Thinking I couldn't paint my apartment walls, I started dreaming of an old wood table I could paint and bring back to life. One day, I'm walking about and I see her on the side of the road with a for-free sign. Just imagine Ted Lasso's boss as a sofa table. She was big and beautiful, with long legs, heels, and a scallop skirt. 

I took her home, and she sat in my apartment for nine months because the only color that that table could be was red, which came with a lot of baggage. 

Red was my mother's color baggage. 

A woman who wore red lipstick all the time wanted me to wear red lipstick really badly. It was a hard no for me all the time for decades. And here I was about to paint a table that would become huge red lips in my entryway because the only color I could imagine it to be was red.

Then, one day, I woke up and went, okay. Red it is.

Four days later, the apartment walls were painted in colors I had never painted before because of that red table.

Two weeks later, my neighbor across the hall texted me. My dog had been barking. She walked into my apartment, and it was pitch black. Thankfully, she stayed with him until I got there.

I flip the breaker, the lights come on, and, like in the movies, she is transported into my world of color. She is crazy about the red table, so I tell her the story and how much I had to trust myself to paint it red when I knew it was the only color it had to be!

As she walked out, she rubbed the table from side to side and said she needed to take this red energy because she was signing her divorce papers the following week. 

The red table had spoken, and she left two hours later. We talked about trust, courage, and true love. 

A week later, she texted me and thanked me. She took a step she had been afraid to take and would not have taken had it not been for the red table. 

That's when I knew why the table had to be red.

At sixteen, my mother took a secretarial course instead of college. She went to work to help her family financially, and that red lipstick gave my mom the courage to act like an adult and forge a new path ahead. This is the courage she always wanted me to have, and I did not understand until I saw a young mother asking a red table for that same courage. 

From then on, I began to wear red lipstick. 

Today, my mother still wears red lipstick. She has lived happily single for thirty years in a home lit up by yellow walls that feel like a warm Puerto Rican sunrise every time she walks in through the door. Her home expresses who she is, reminding her of her independence, resilience, and the better life she made for herself and her daughter when she came to America to start a new life as often as she needed. 

It's not an accident that red is associated with courage, willpower, and affection. Every color, except red, can be lightened and still be called by its name.

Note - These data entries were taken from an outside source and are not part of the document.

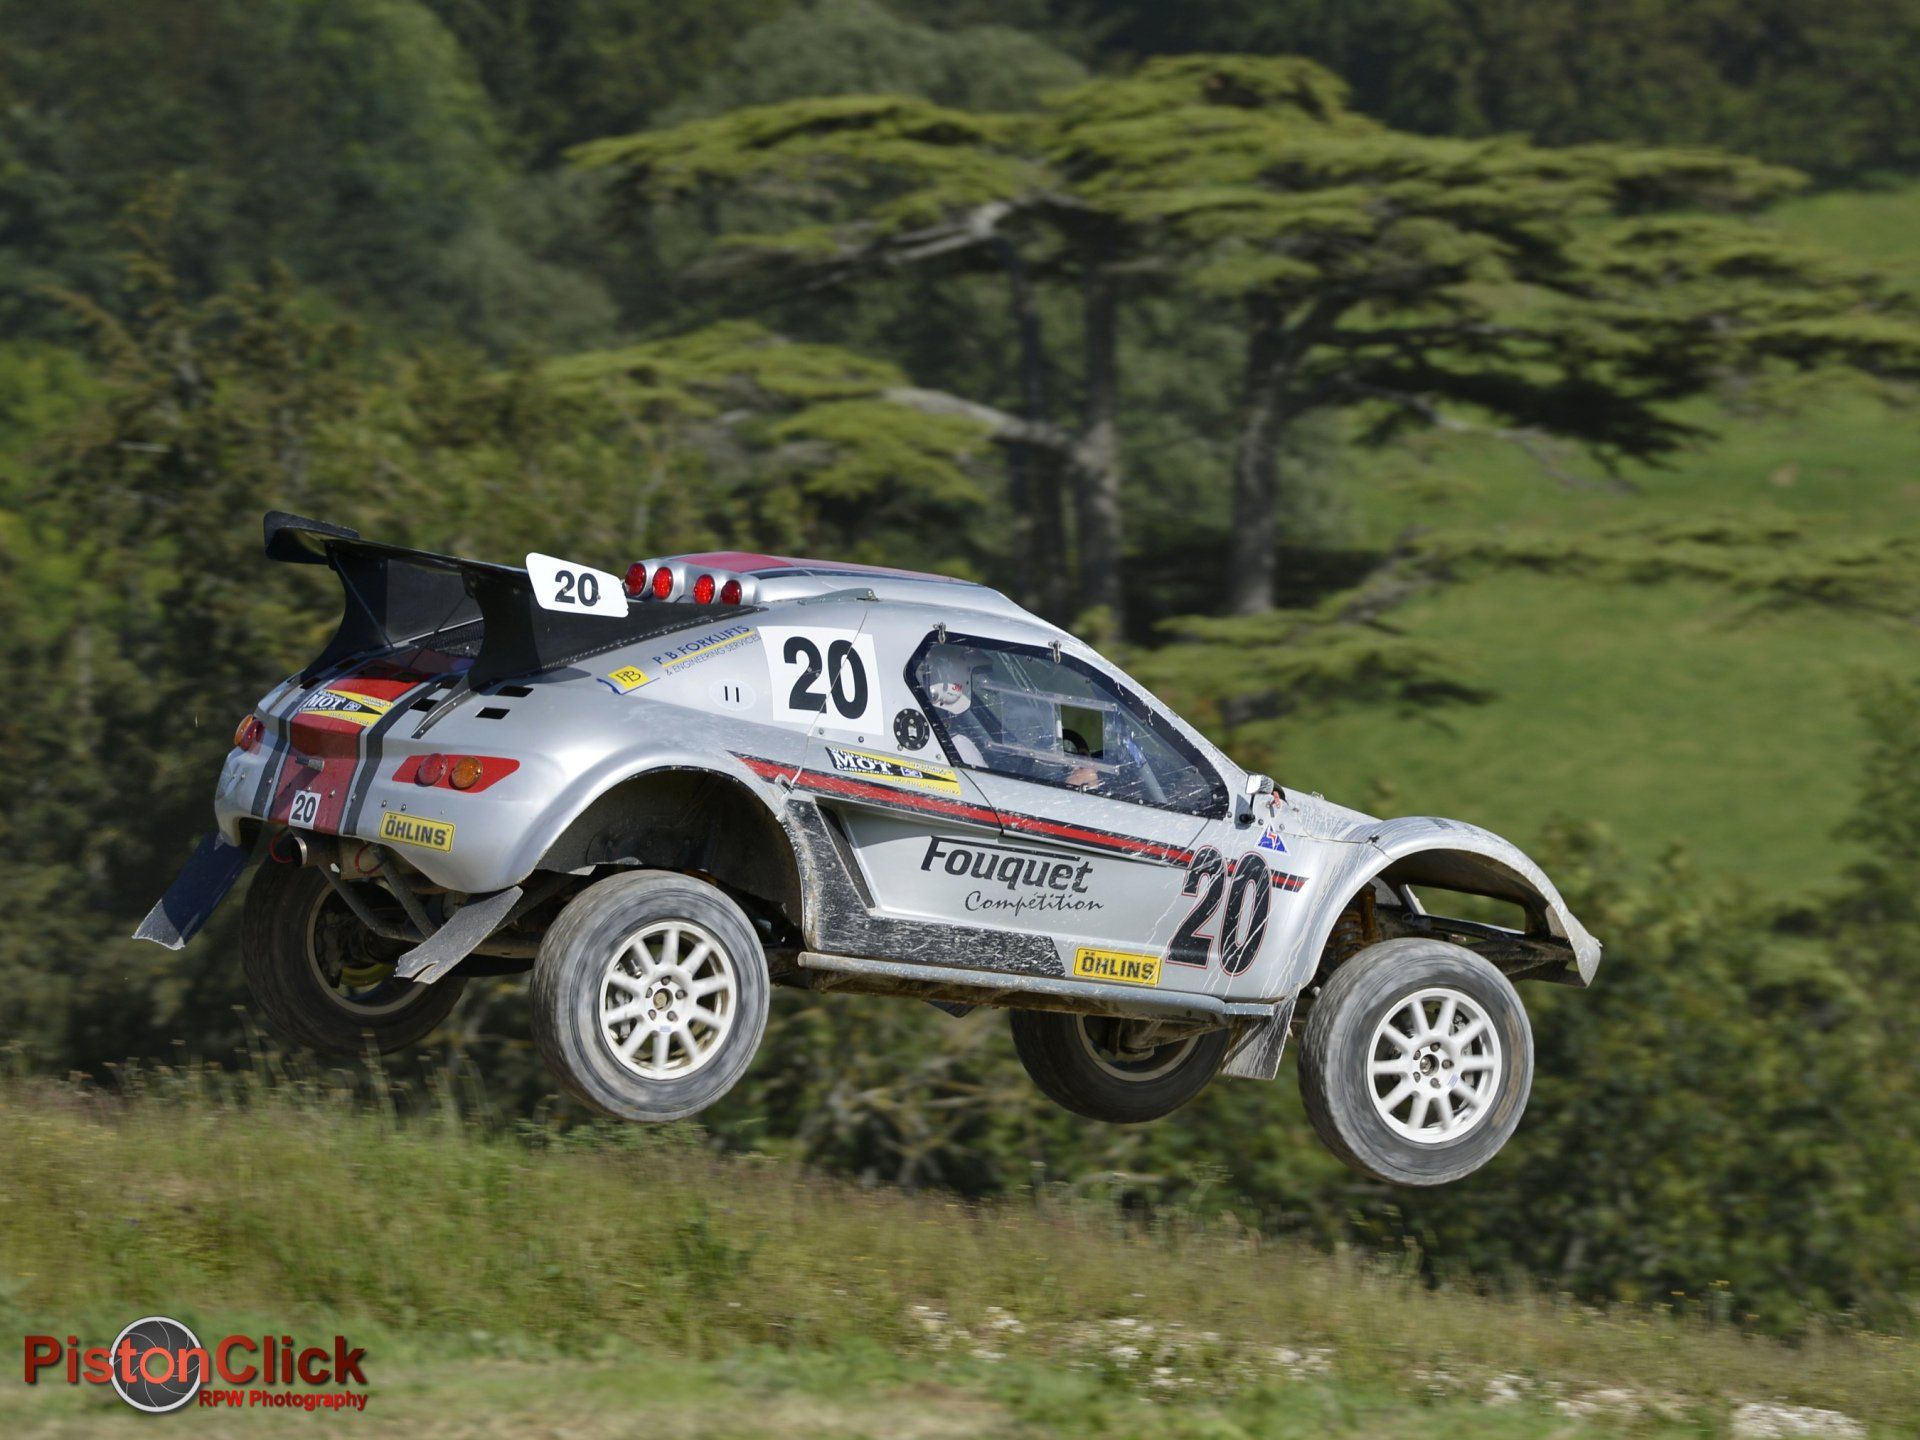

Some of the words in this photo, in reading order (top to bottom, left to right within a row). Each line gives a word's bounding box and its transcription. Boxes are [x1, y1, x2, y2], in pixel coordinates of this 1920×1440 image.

[555, 570, 599, 607] 20
[677, 625, 750, 655] FORKLIFTS
[673, 646, 726, 673] ENGINEERING
[783, 636, 868, 719] 20
[302, 694, 347, 708] MOT
[832, 751, 893, 773] MOT
[293, 795, 316, 823] 20
[385, 815, 447, 846] ÖHLINS
[920, 835, 1094, 893] Fouquet
[965, 890, 1104, 916] Compétition
[1166, 844, 1272, 977] 20
[1081, 951, 1155, 980] ÖHLINS
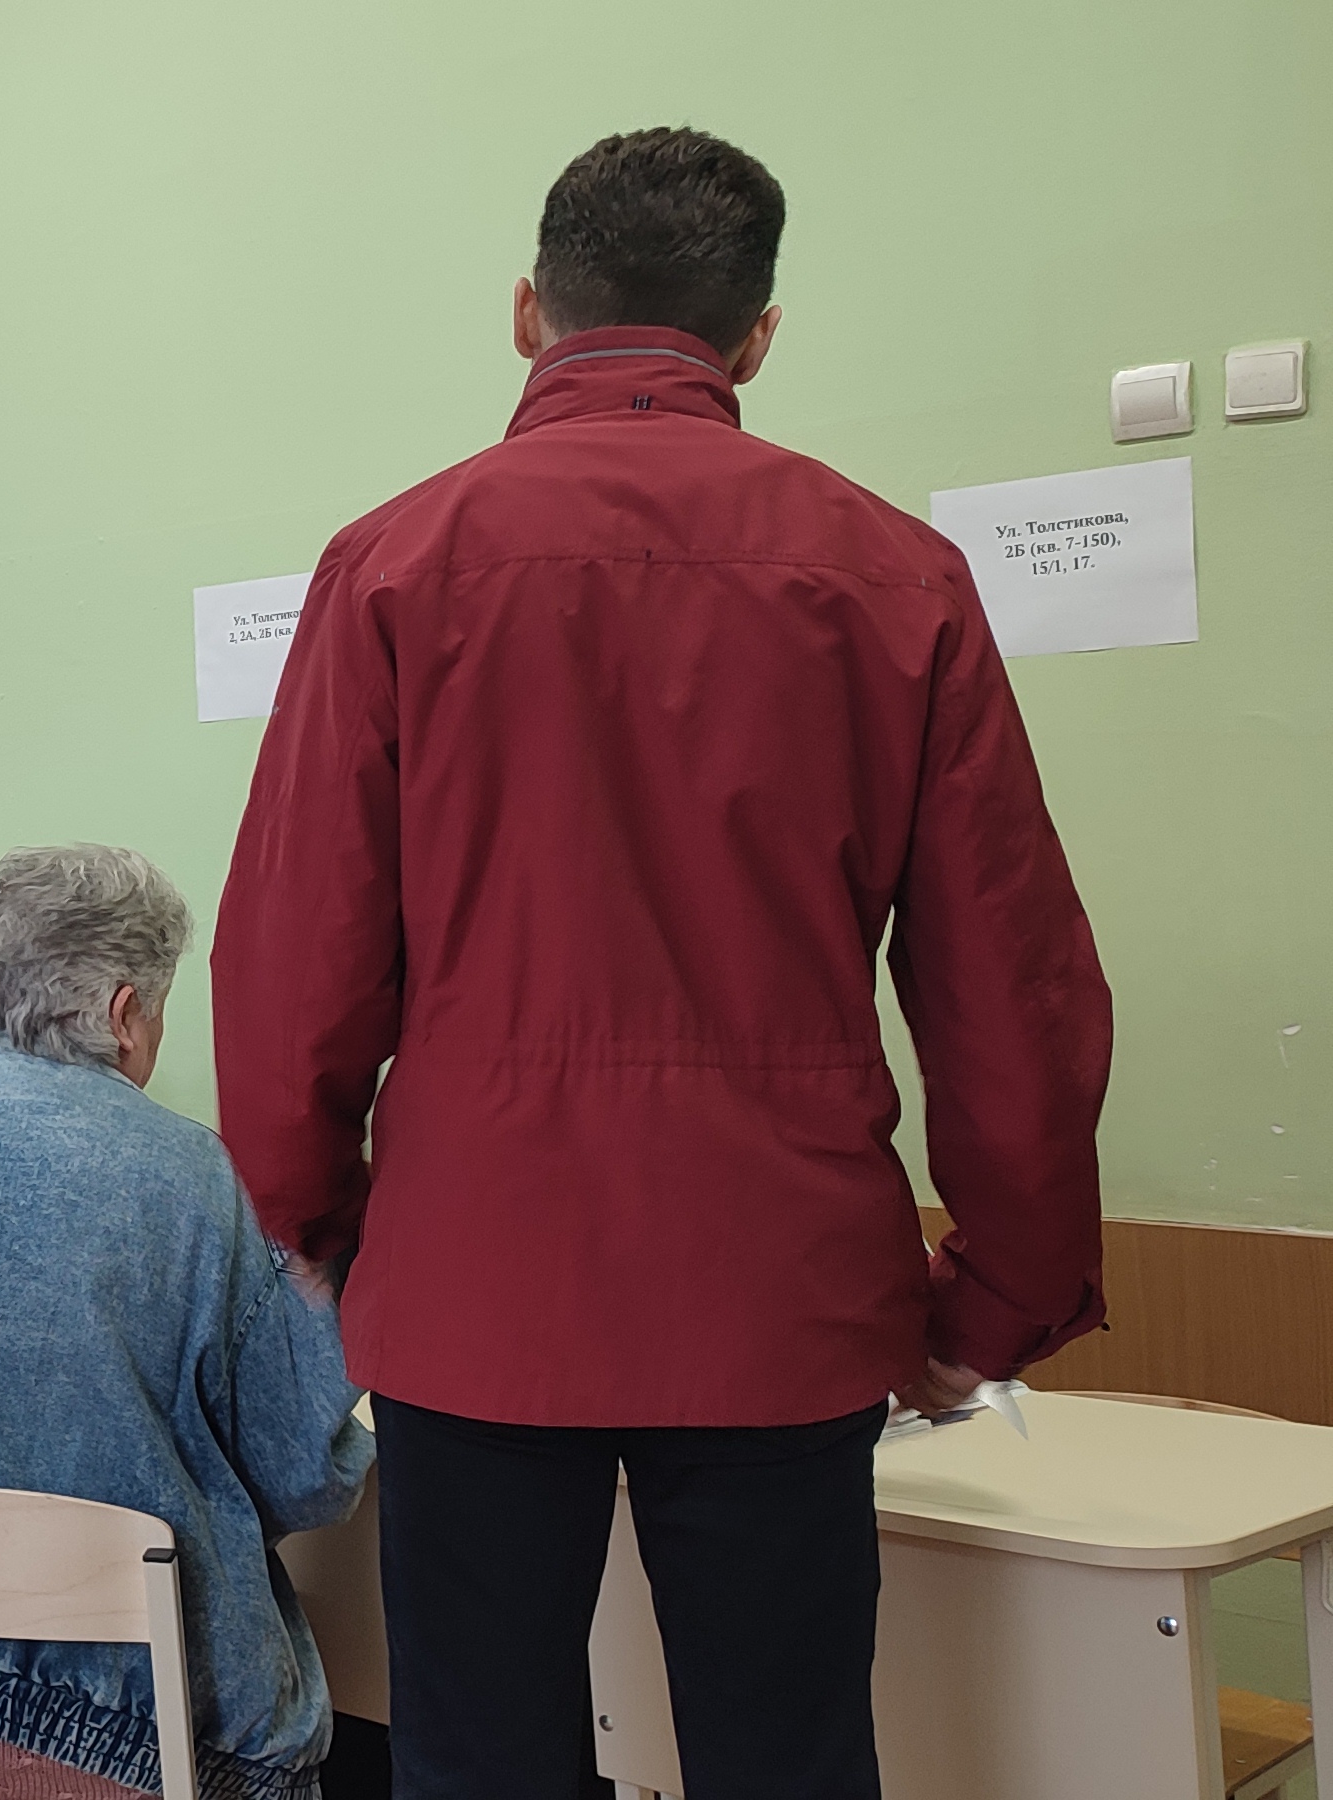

Once lightened, red turns pink because it can no longer live up to its reflection or true nature.

Every color in the rainbow has an extraordinary truth and teaching of true love for us that is beautiful, meaningful, and true—baggage and all. 

As I reflected on my journey from those red leather seats of my childhood to my mother's red lipstick to asking a red table for courage, I was both struck and reminded of the need we all have to claim true love for ourselves as the ultimate source of courage and step into the life we envision creating. 

True love isn't something you find; it's what you create. Anyone can create true love for themselves, others, and the world with their baggage and a bucket of paint.